Deadline 31 Dec 2021

[CLOSED] Walking and Staying in the Landscape

Walking is one of the first acts we learn as human beings. Though we always remember how to walk, we often forget how to practice it for its intrinsic value as a personal and social act. For centuries, walking was the means of human movement: pilgrimages, travels, journeys, discoveries, exoduses, crusades, army marches, invasions – all occurred mainly by walking. Marco Polo’s travels through Asia, Dante’s descent to the Inferno, or John Mandeville’s The Book of Marvels and Travels, are just a few examples of walking and staying that allow blended observations on reality and fantasy.

Walking also presumes stopping and/or staying at a point or a place where we pause for physical rest and/or for spiritual reasons. Before descending into the Inferno, Dante stands in front of the entrance, needing time to reflect on what could happen, before he continues his journey. Marco Polo lingered in China for years before being able to beginning his return journey. To stay at one point is a vague and abstract category: a point is a one-dimension geographical reference. A point where we halt, rest, or stay becomes a place where we reorient ourselves before we continue our journey.

To stay in a place demands that we measure and quantify distances between and among objects. It helps us to develop social, cultural, and interpersonal relationships and to reflect and ponder. It allows us to develop ideas, theories, desires, dreams, fears concerning where, why, and how to go forward. Italo Calvino, talking about the Invisible Knight, draws a map with two crosses and a connecting line and thus creates one of the most lucid and extraordinary maps of walking and staying. The place, in itself, is a device to evaluate directions, other points or places to reach, and to perceive time present, time past, and time yet to come. Stopping at one place during a journey necessarily has the aim of resuming movement.

Walking and staying also allow to observe and understand landscapes and feel them under our feet, over our skin, and in our ears, nose, and eyes. Appreciating landscapes and the passages through them can give rise to artistic expressions or narrative accounts, as in Robert Walser’s The Walk, Henry David Thoureu’s Walking, or Bruce Chatwin’s The Songlines. Passing through landscapes appreciatively also can give rise to more specialized literature like Jan Gehl’s How to Study Public Life.
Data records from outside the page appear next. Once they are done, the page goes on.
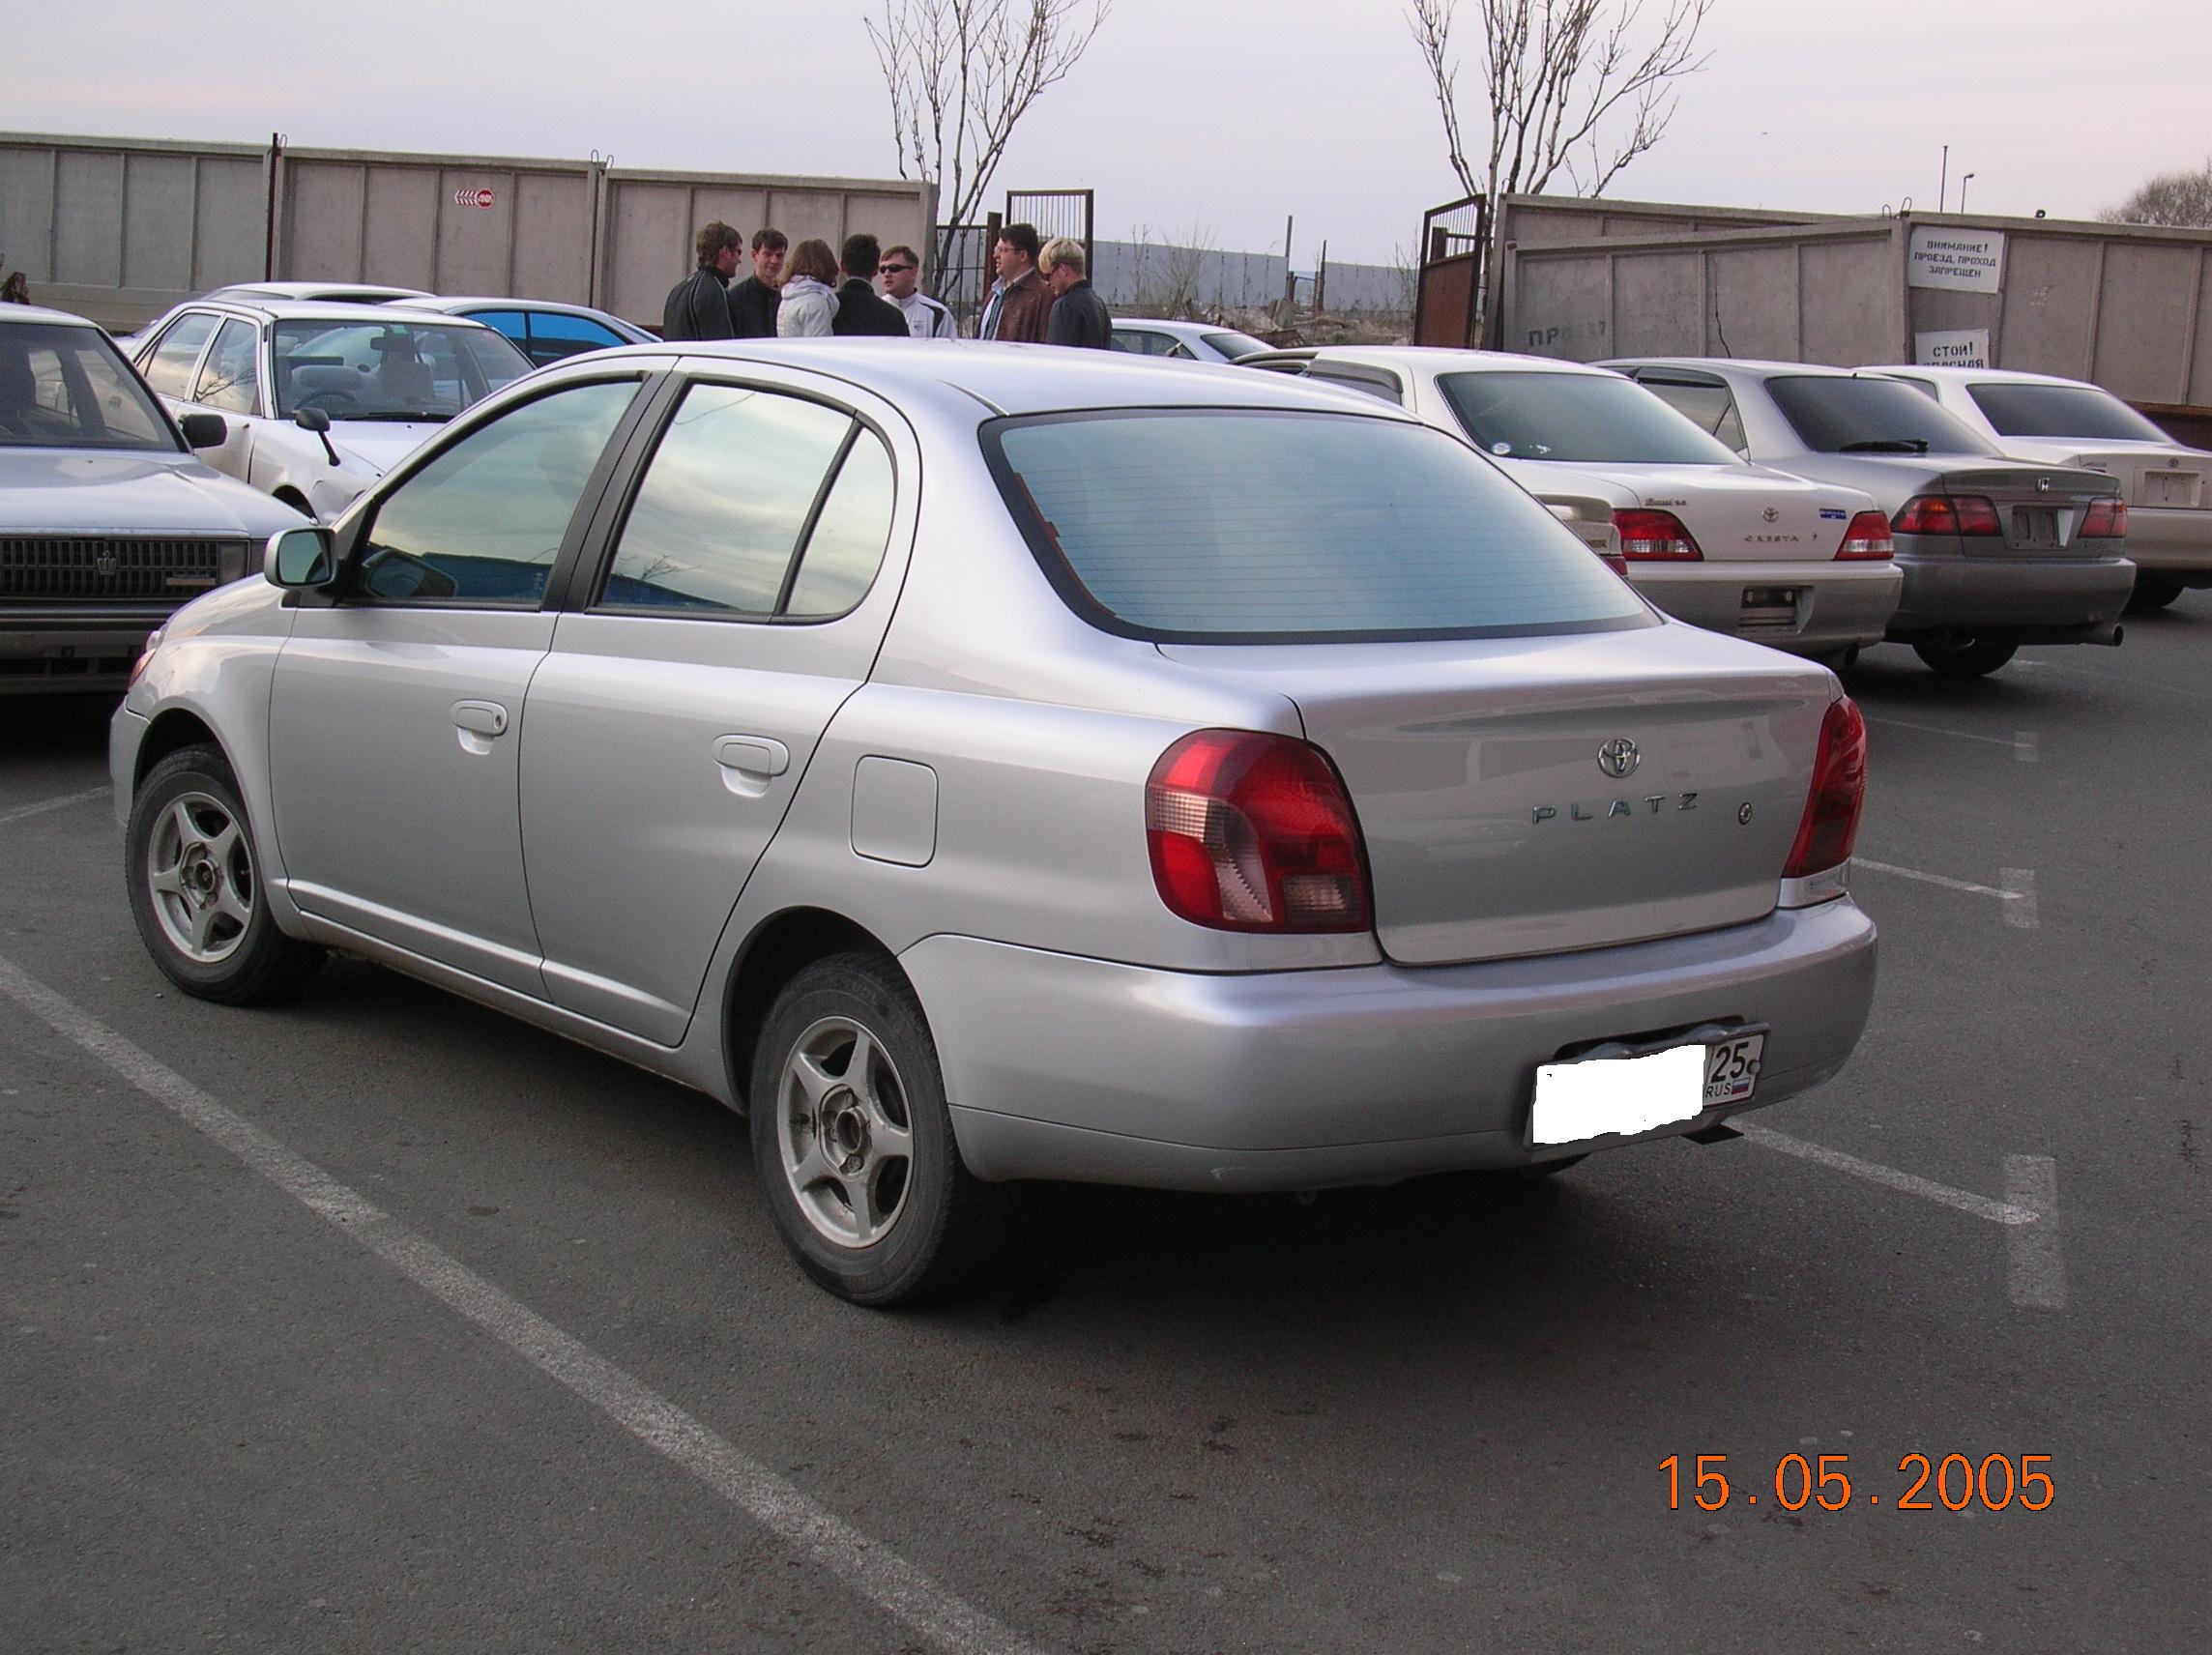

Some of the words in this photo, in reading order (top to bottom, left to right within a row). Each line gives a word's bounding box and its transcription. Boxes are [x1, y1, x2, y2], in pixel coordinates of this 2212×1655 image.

[1927, 240, 1989, 253] ВНИМАНИЕ!
[1958, 255, 1996, 267] ПРОХОД
[1531, 793, 1698, 823] PLATZ
[1711, 1041, 1749, 1083] 25
[1704, 1082, 1732, 1099] RUS
Landscape design determines forms and directions to explore and appreciate landscapes. Trails, promenades, walks, pathways, routes, bike paths, greenways have been designed to guide us through natural and human-made landscapes and reveal their values. Railroads have been converted to walking paths. Ancient roads have been repurposed to welcome new wanderers. Trails have been designed to create opportunities for alternative developments, as with the famous Appalachian Trail by Benton MacKaye, which has been described as “a project for development” to “draw people out of the cities” (1921, JAIA). Walking and staying generate infinite games of relationships and references in the landscapes in which we walk and linger. The decisions and indecisions, choices and randomness we experience o!er opportunities for solitude and companionship, for isolation and encounters.
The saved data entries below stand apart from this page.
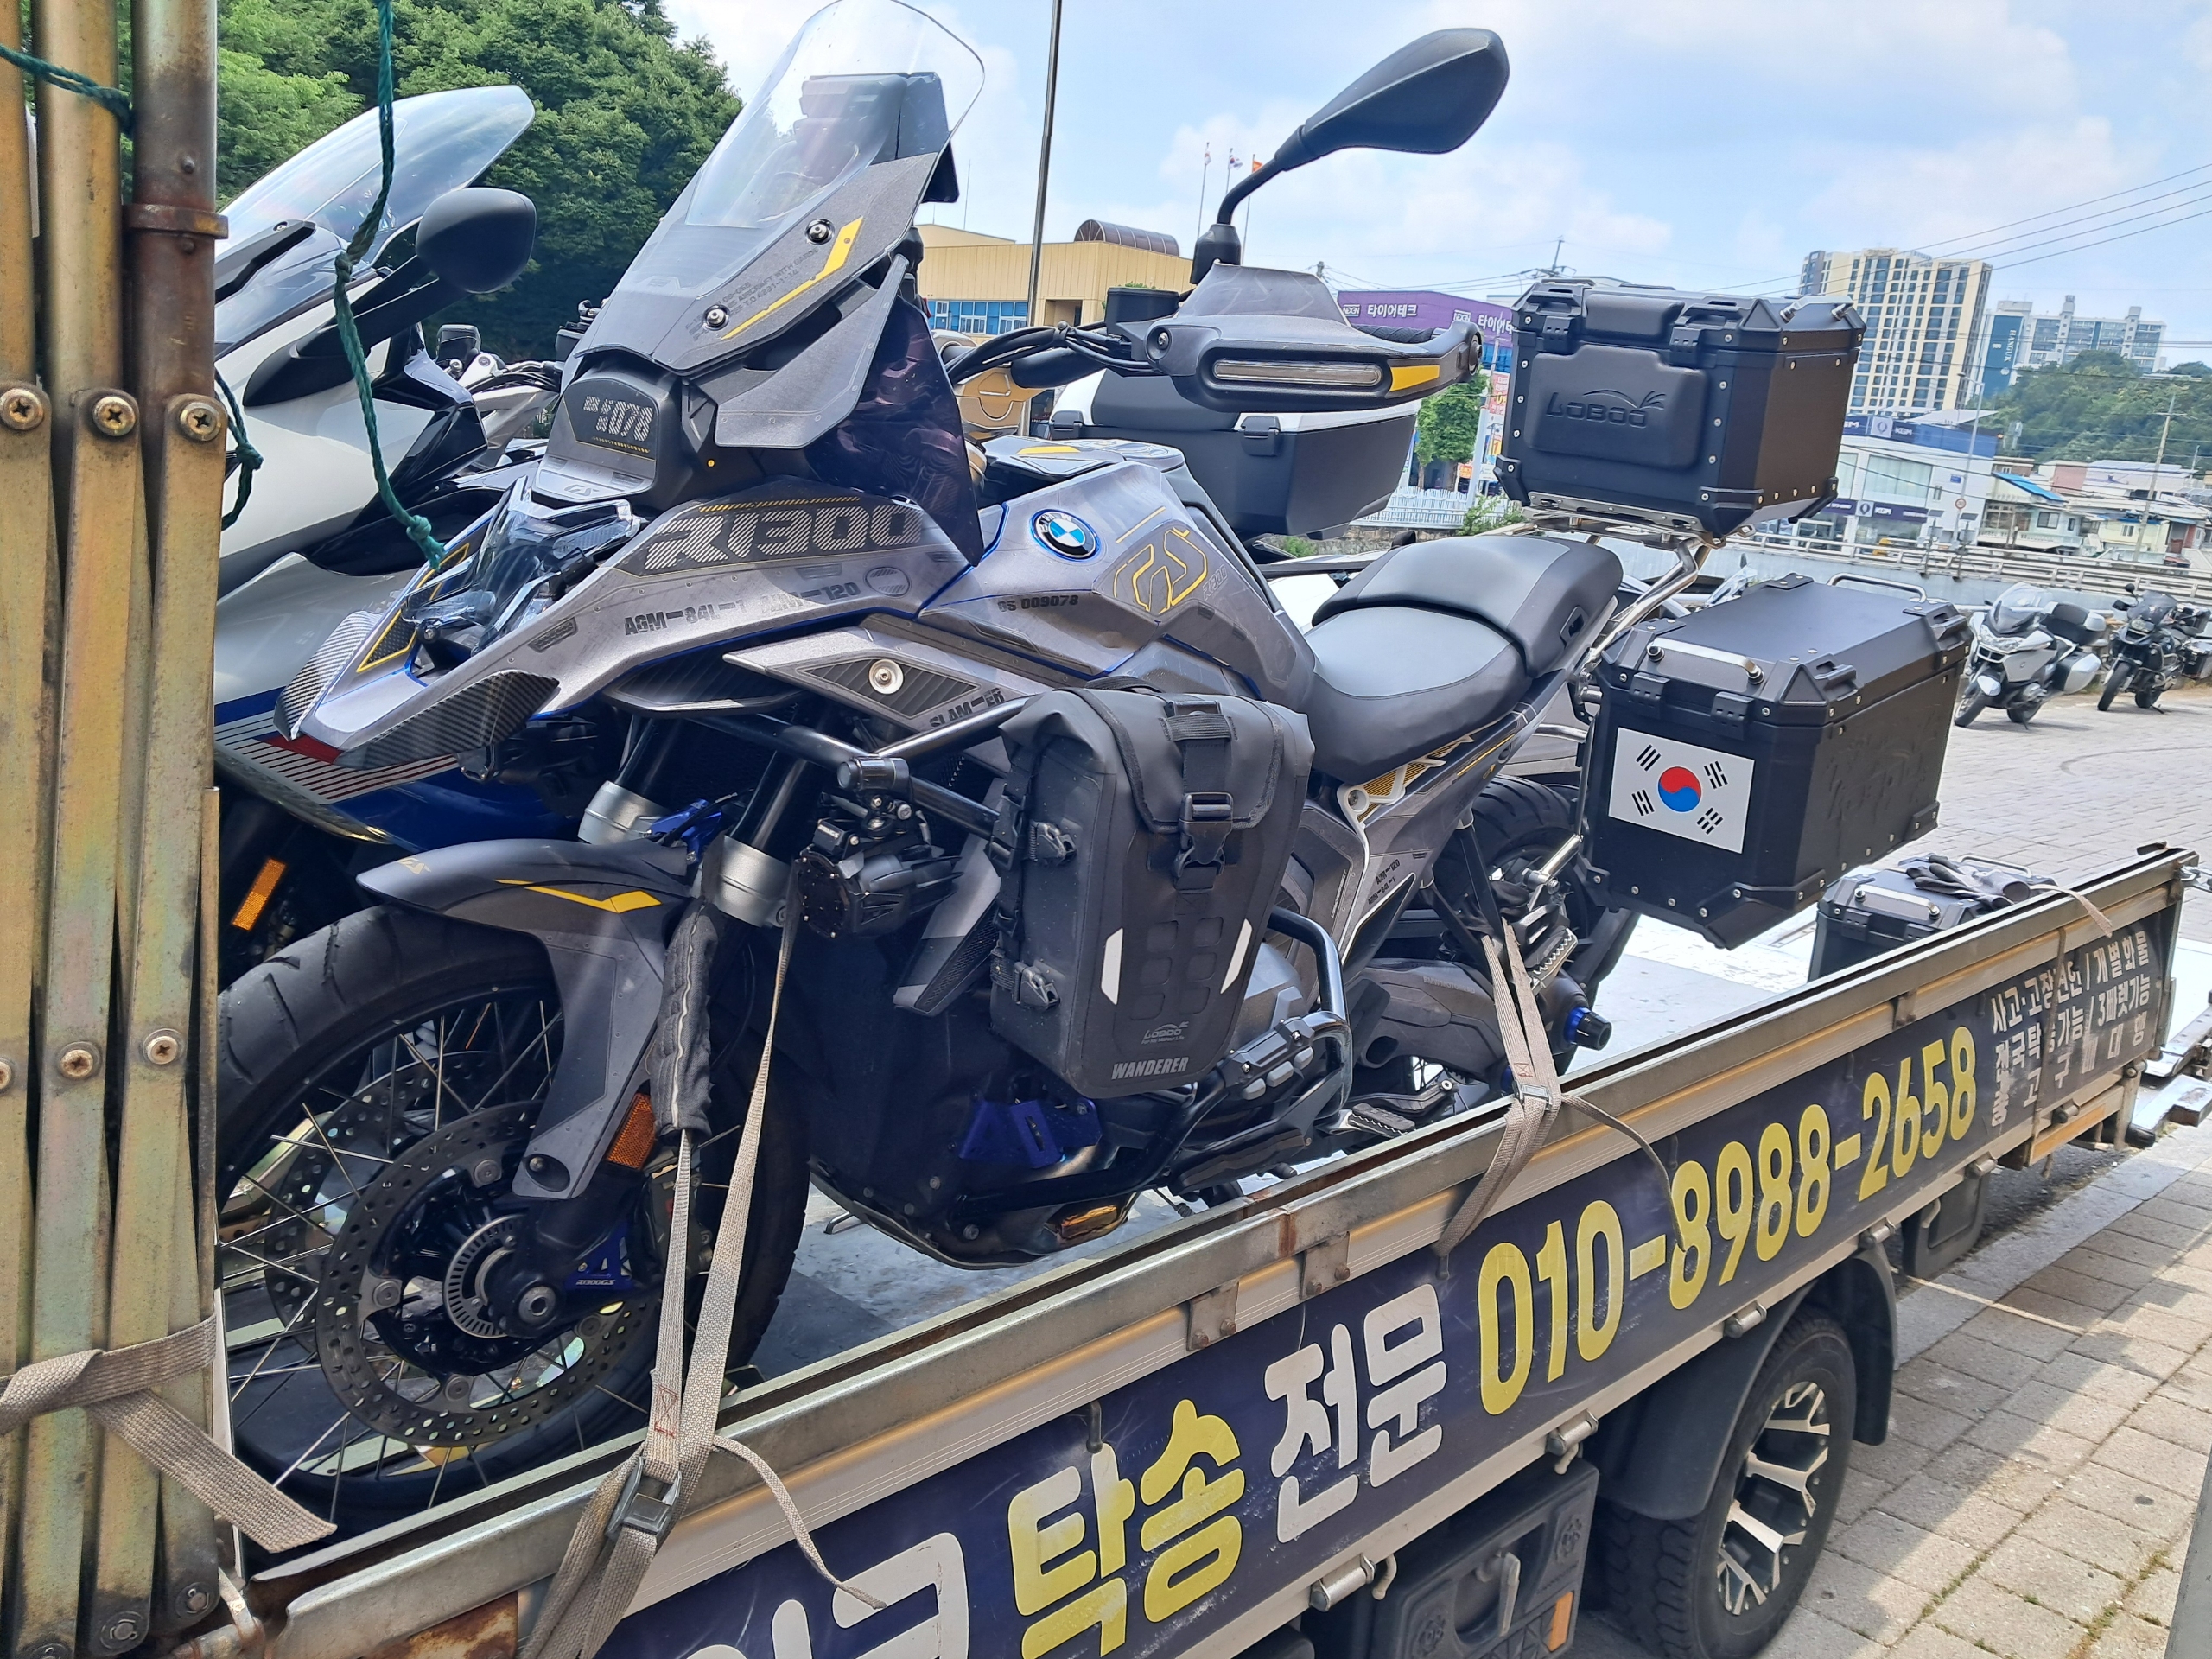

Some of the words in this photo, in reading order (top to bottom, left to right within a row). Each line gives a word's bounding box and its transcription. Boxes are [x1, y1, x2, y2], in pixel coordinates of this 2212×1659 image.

[1367, 305, 1417, 318] 타이어테크
[645, 505, 923, 570] R1300
[1021, 594, 1079, 610] 009078
[1111, 1057, 1190, 1080] WANDERER
[1007, 1398, 1245, 1659] 탁송
[1264, 1282, 1449, 1544] 전문
[1478, 1026, 1977, 1415] 010-8988-2658
The call for paper is open to landscape architects, designers, urban planners, artists, historians, and others – scholars and practitioners – who want to explore or give sense to “walking for staying, stopping for restarting.” We seek to interpret the landscape as a space for passage and reformation; to understand spatial relationships among points, spaces, places, thresholds, and lines; and to explore, understand, observe, and appreciate natural and urban landscapes.
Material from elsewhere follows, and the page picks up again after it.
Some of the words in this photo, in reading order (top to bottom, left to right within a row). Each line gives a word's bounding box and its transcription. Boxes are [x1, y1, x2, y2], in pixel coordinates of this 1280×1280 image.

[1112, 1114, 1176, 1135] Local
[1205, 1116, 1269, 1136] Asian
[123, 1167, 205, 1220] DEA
Keywords: line, point, space, time, places, haptic.

Editors: Danilo Palazzo and Valerio Morabito

The call is open until December 31st 2021

Registration and login as Author to the Ri-Vista system is required to submit and follow the status of the submission process online. For all information related to the submission process see: https://oaj.fupress.net/index.php/ri-vista/about/submissions

Click here download the PDF (ita/eng)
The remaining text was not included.